High-Order Computation of Gradient Flows and Barycenters in Generalized Wasserstein Spaces

This dissertation presents a robust, scalable, and highly accurate numerical framework for computing gradient flows and barycenters in generalized Wasserstein spaces. These spaces are constructed by equipping the set of positive measures on a ground metric space with mean-field control-based extensions of the Benamou–Brenier formula. Gradient flow trajectories in such spaces represent solutions to a class of partial differential equations (PDEs) that model dissipative dynamics. A notable example is the porous medium equation which frequently appears in applications involving non-linear diffusion. The first part of the work develops two classical first-order finite element schemes for solving the porous medium equation. These schemes are carefully designed to preserve key properties—mass conservation, positivity, and energy dissipation—implied by its underlying gradient flow structure. Their performance is validated through standard benchmark problems, and their convergence rates are numerically demonstrated. Recognizing inherent limitations in extending classical methods to high-order temporal accuracy, a novel variational method is then introduced that obtains PDE solutions as gradient flow trajectories in Wasserstein spaces via mean-field control. This formulation is discretized using high-order spacetime finite elements and solved via the primal-dual hybrid gradient method. The efficacy of the numerical scheme is illustrated through application on a heat equation system and a porous medium equation system containing source terms, and high-order convergence rates are demonstrated in one and two spatial dimensions.

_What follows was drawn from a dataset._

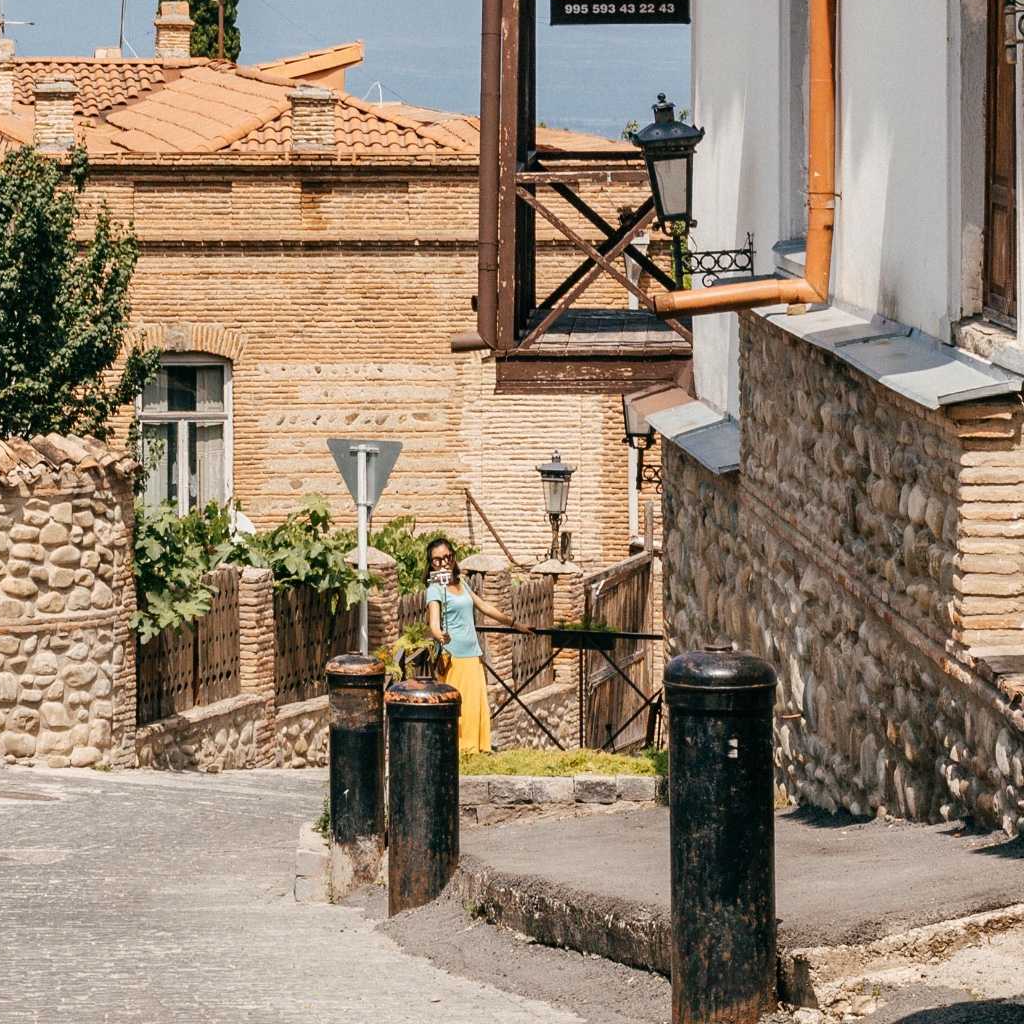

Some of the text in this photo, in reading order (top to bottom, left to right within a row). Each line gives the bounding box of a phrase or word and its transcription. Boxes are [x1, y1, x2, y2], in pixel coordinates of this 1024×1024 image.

[564, 3, 675, 14] 995 593 43 22 43

Building upon these developments, this work culminates in a generalized, mean-field control formulation of the Wasserstein barycenter problem, also discretized using high-order finite elements, and solved via the primal-dual hybrid gradient method. The proposed formulation handles systems of unnormalized densities without relying on entropy regularization and incorporates reaction–diffusion dynamics. The robustness of the proposed method is demonstrated through several numerical experiments that compute barycenters in a three-dimensional Euclidean domain and on embedded two-dimensional manifolds.